▶ [HOW TO COMPLETE THIS TASK]: Each record must come back unchanged in your answer, stripped of its images.

▶ [RECORDS FOR THE EXERCISE]:

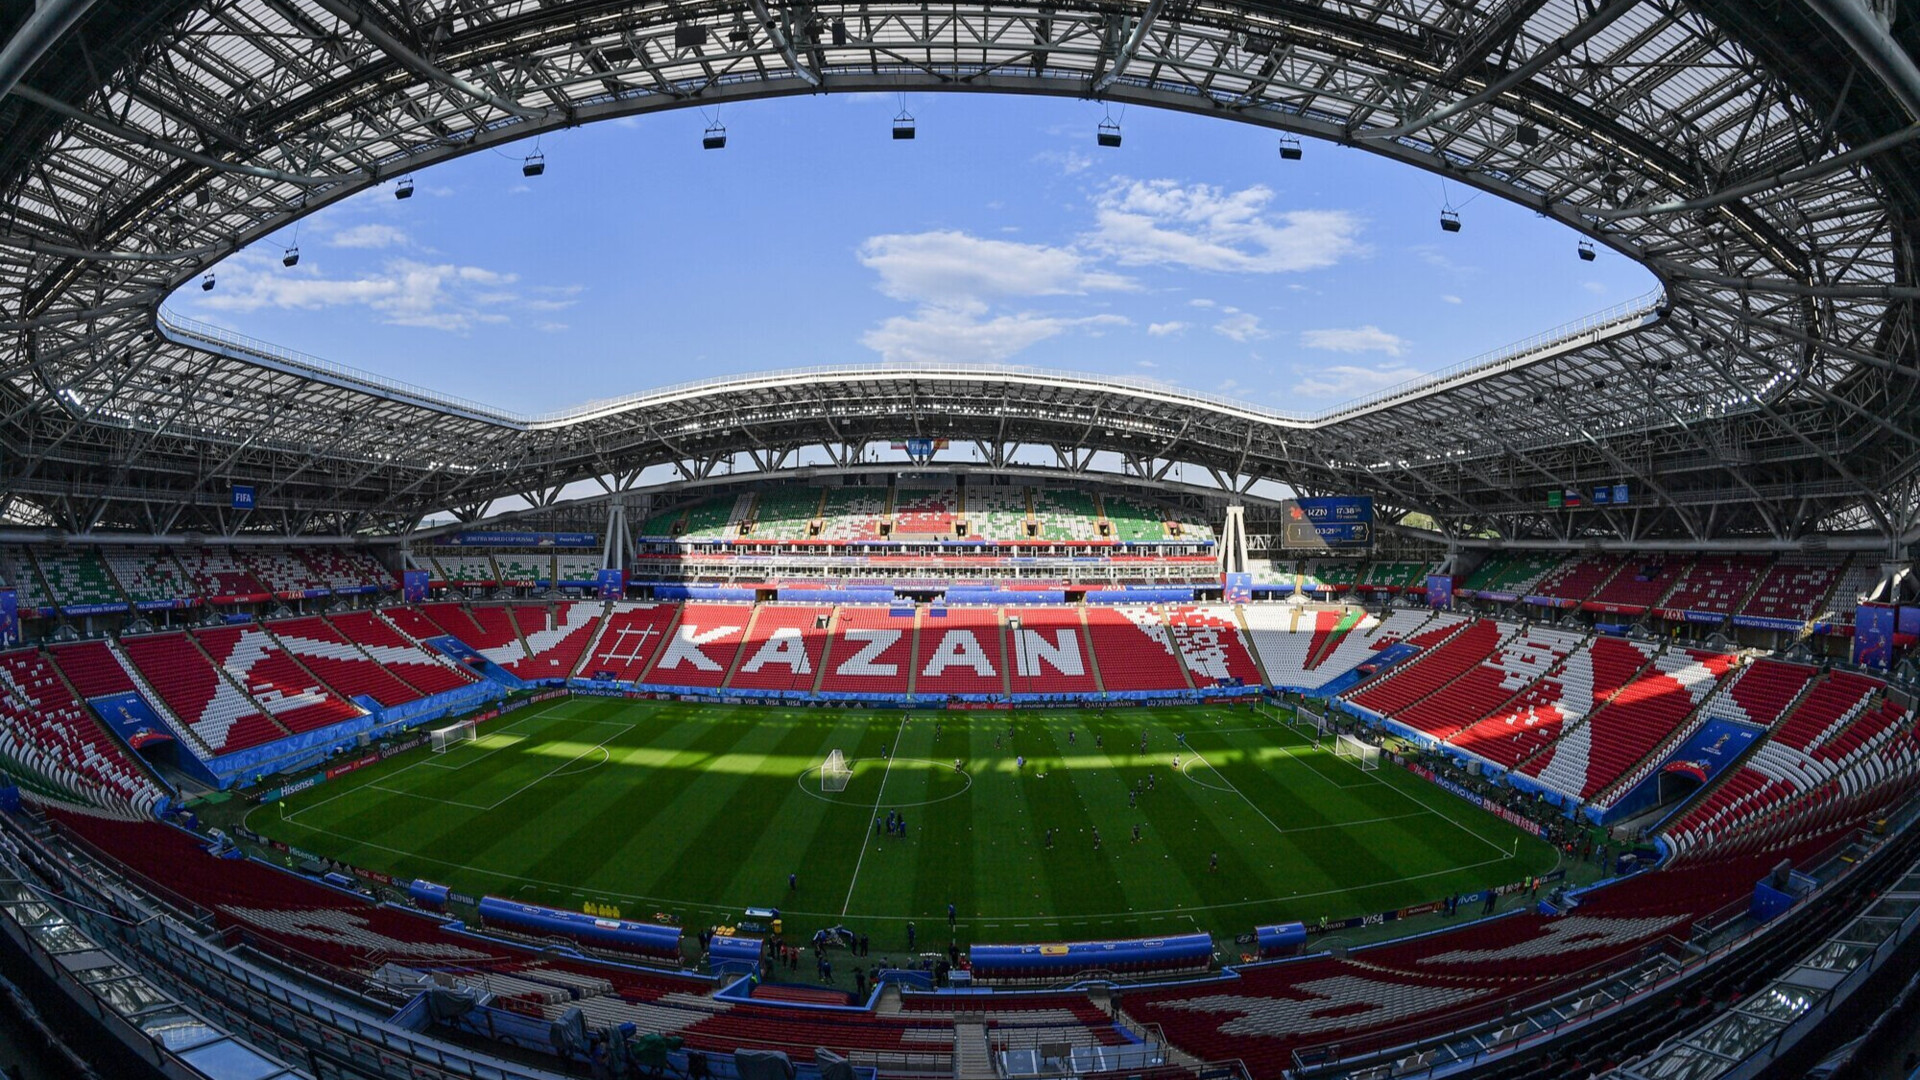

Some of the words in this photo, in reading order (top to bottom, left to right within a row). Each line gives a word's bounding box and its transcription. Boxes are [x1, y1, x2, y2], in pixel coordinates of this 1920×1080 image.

[235, 493, 252, 503] FIFA
[588, 689, 605, 697] vivo
[605, 690, 623, 698] vivo
[1084, 701, 1107, 709] QATAR
[1107, 700, 1136, 708] AIRWAYS
[1172, 698, 1199, 706] WANDA
[381, 746, 399, 759] QATAR
[399, 740, 419, 752] AIRWAYS
[280, 777, 315, 797] Hisense
[1435, 775, 1450, 789] vivo
[1450, 783, 1466, 797] vivo
[1466, 791, 1483, 806] vivo
[288, 846, 320, 864] Hisense
[1458, 893, 1479, 906] vivo
[1407, 905, 1433, 914] McDonald's
[1362, 913, 1384, 926] VISA
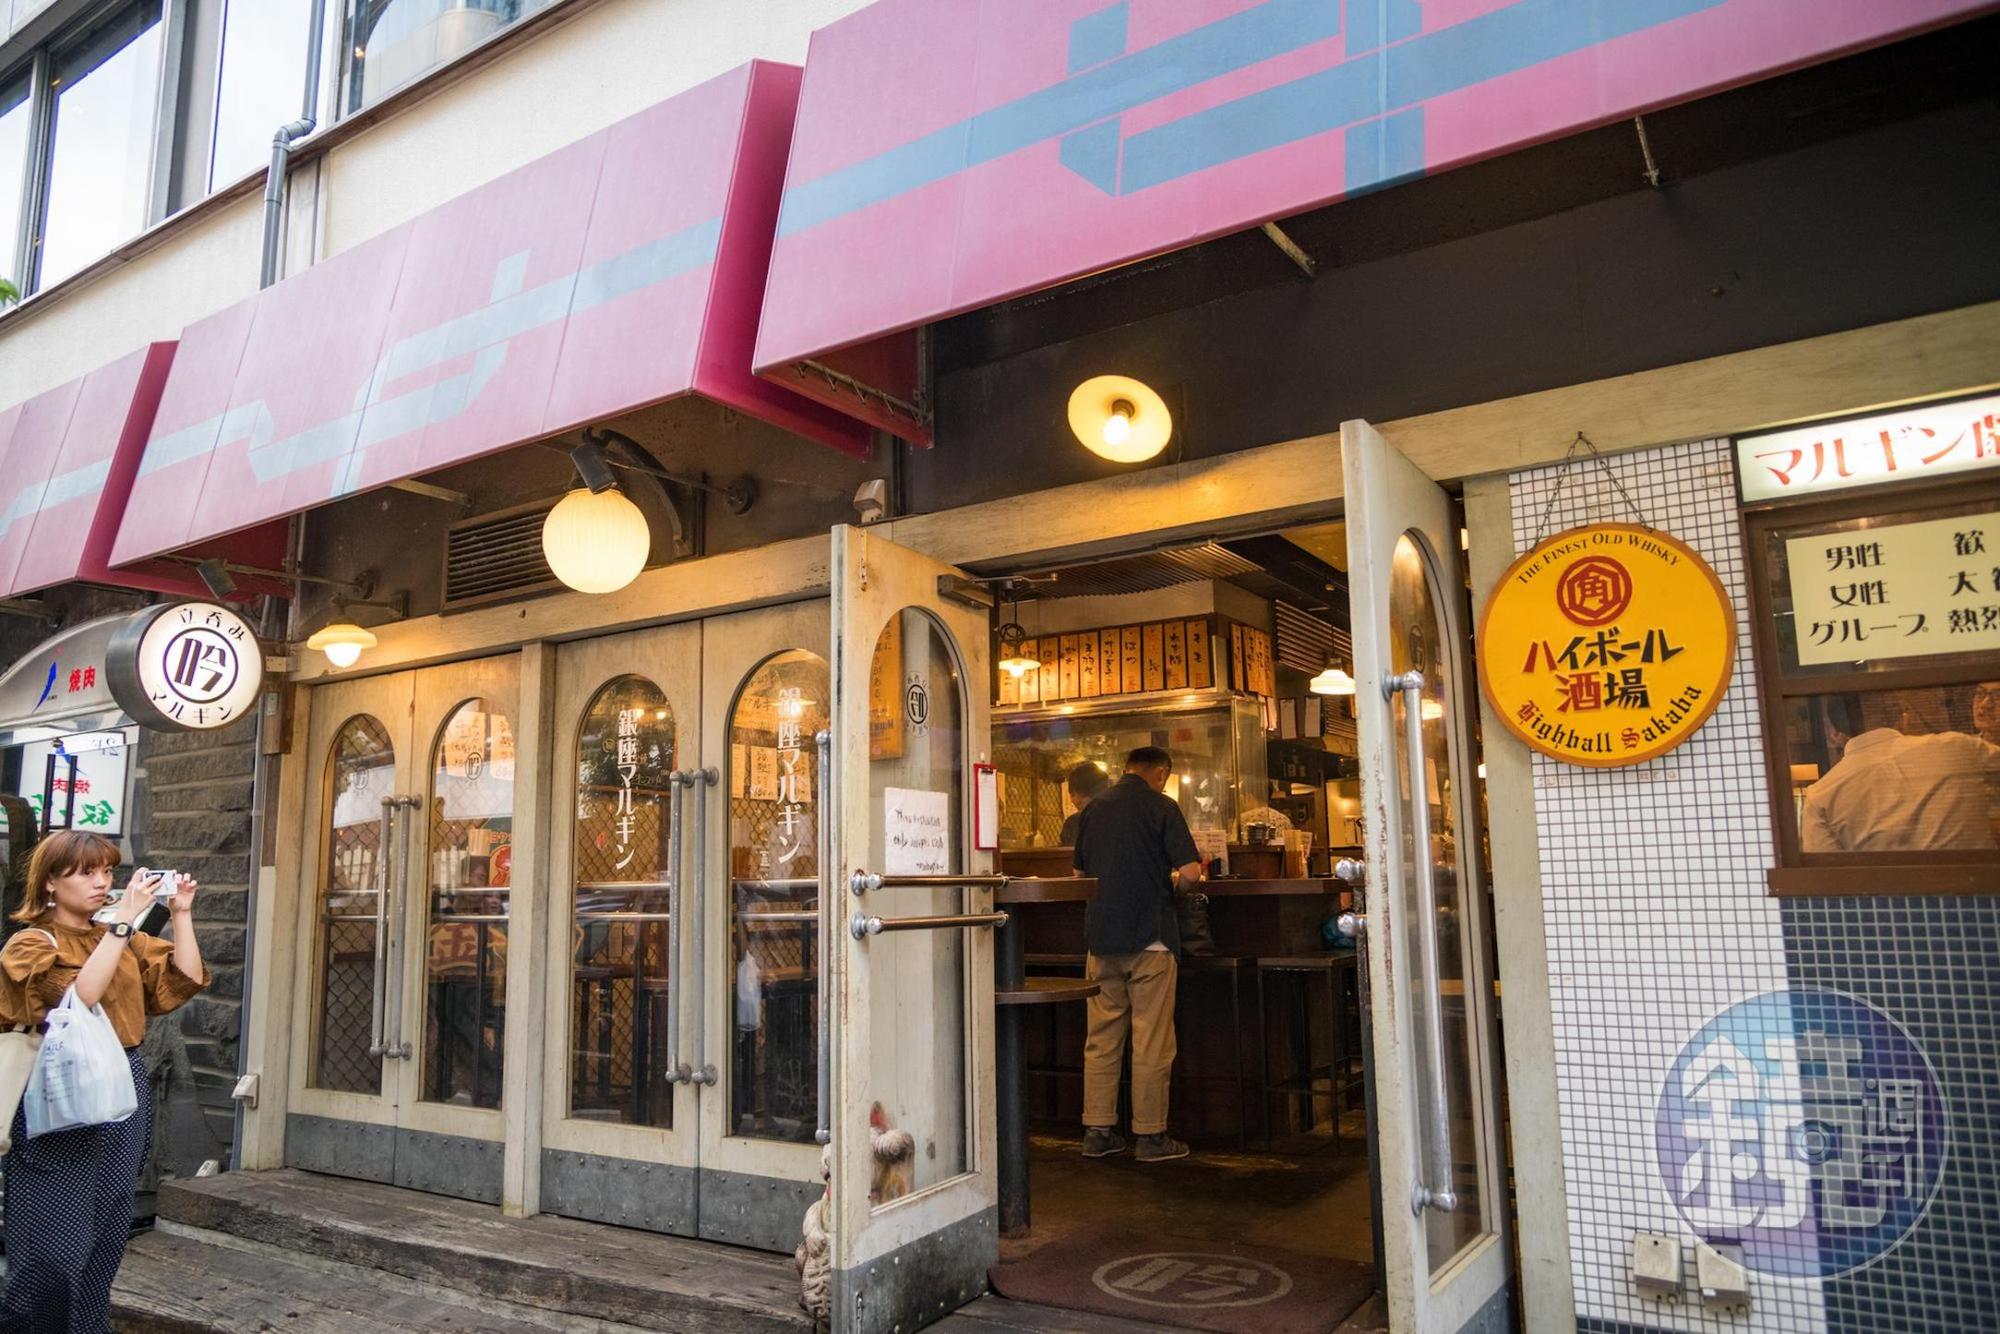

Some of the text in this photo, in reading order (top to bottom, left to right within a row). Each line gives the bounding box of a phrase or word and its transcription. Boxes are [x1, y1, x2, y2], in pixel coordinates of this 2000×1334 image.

▶ [SOLUTION TO THE PROBLEM]:
Some of the words in this photo, in reading order (top to bottom, left to right within a row). Each line gives a word's bounding box and its transcription. Boxes are [x1, y1, x2, y2], in pixel coordinates of this 1920×1080 image.

[235, 493, 252, 503] FIFA
[588, 689, 605, 697] vivo
[605, 690, 623, 698] vivo
[1084, 701, 1107, 709] QATAR
[1107, 700, 1136, 708] AIRWAYS
[1172, 698, 1199, 706] WANDA
[381, 746, 399, 759] QATAR
[399, 740, 419, 752] AIRWAYS
[280, 777, 315, 797] Hisense
[1435, 775, 1450, 789] vivo
[1450, 783, 1466, 797] vivo
[1466, 791, 1483, 806] vivo
[288, 846, 320, 864] Hisense
[1458, 893, 1479, 906] vivo
[1407, 905, 1433, 914] McDonald's
[1362, 913, 1384, 926] VISA

Some of the text in this photo, in reading order (top to bottom, left to right within a row). Each line gives the bounding box of a phrase or word and its transcription. Boxes are [x1, y1, x2, y2], in pixel coordinates of this 2000×1334 image.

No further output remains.